• Directions for this task
Could all of the entries be written out exactly, with any pictures omitted?

• Given data
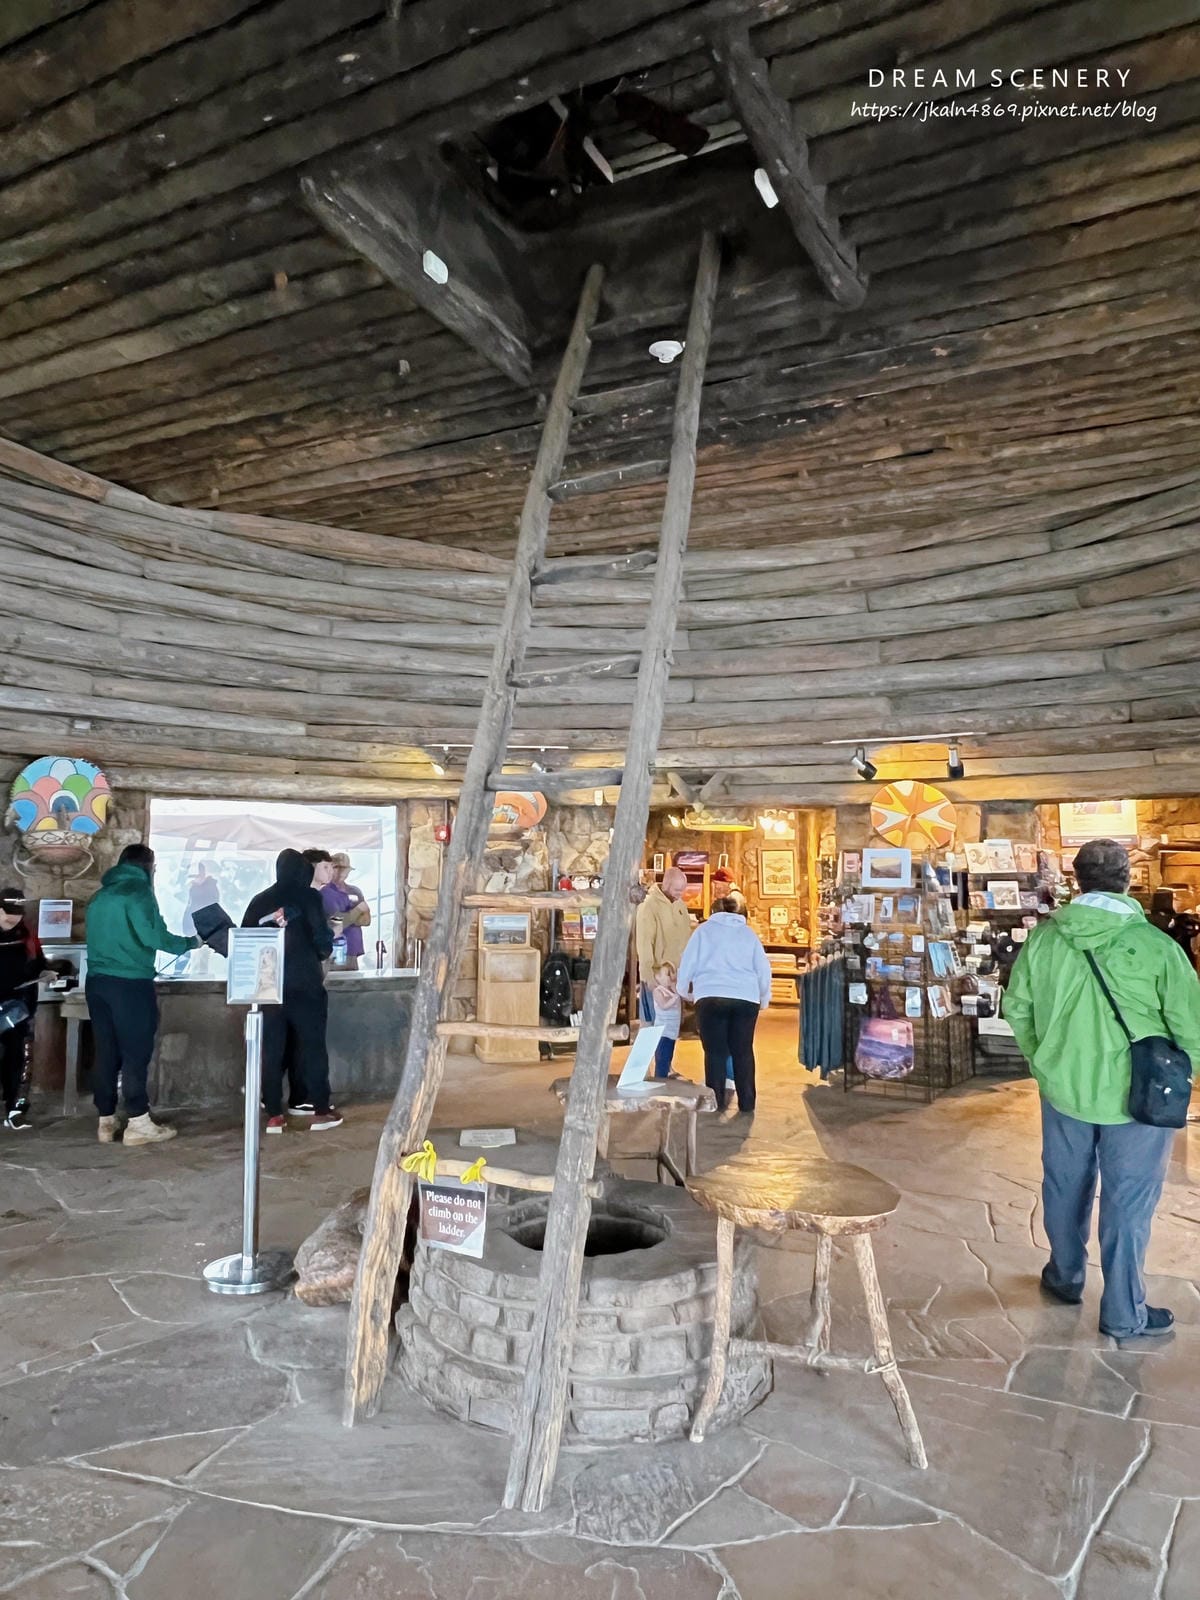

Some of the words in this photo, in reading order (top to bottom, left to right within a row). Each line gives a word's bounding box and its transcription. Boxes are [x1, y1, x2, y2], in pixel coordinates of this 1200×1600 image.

[426, 1190, 452, 1204] Please
[453, 1195, 465, 1206] do
[466, 1199, 481, 1210] not
[428, 1206, 451, 1219] climb
[452, 1212, 463, 1222] on
[465, 1212, 478, 1225] the
[439, 1222, 465, 1237] ladder.
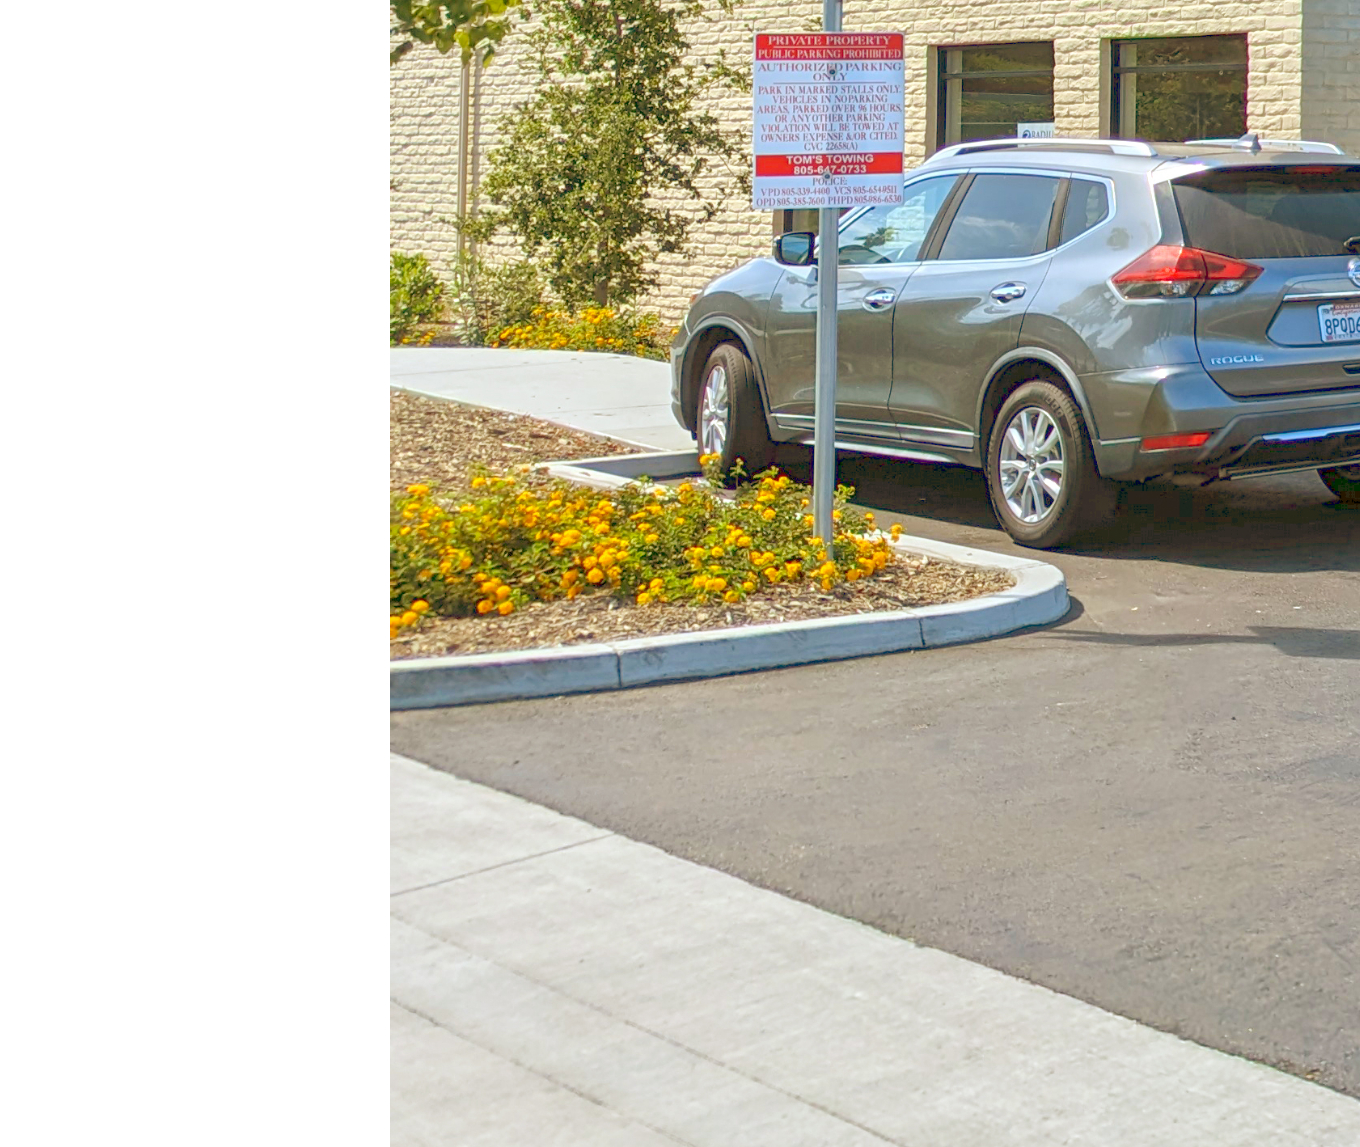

• Response
Some of the words in this photo, in reading order (top to bottom, left to right within a row). Each line gives a word's bounding box and its transcription. Boxes are [x1, y1, x2, y2], in pixel coordinates of this 1200×1600 image.

[426, 1190, 452, 1204] Please
[453, 1195, 465, 1206] do
[466, 1199, 481, 1210] not
[428, 1206, 451, 1219] climb
[452, 1212, 463, 1222] on
[465, 1212, 478, 1225] the
[439, 1222, 465, 1237] ladder.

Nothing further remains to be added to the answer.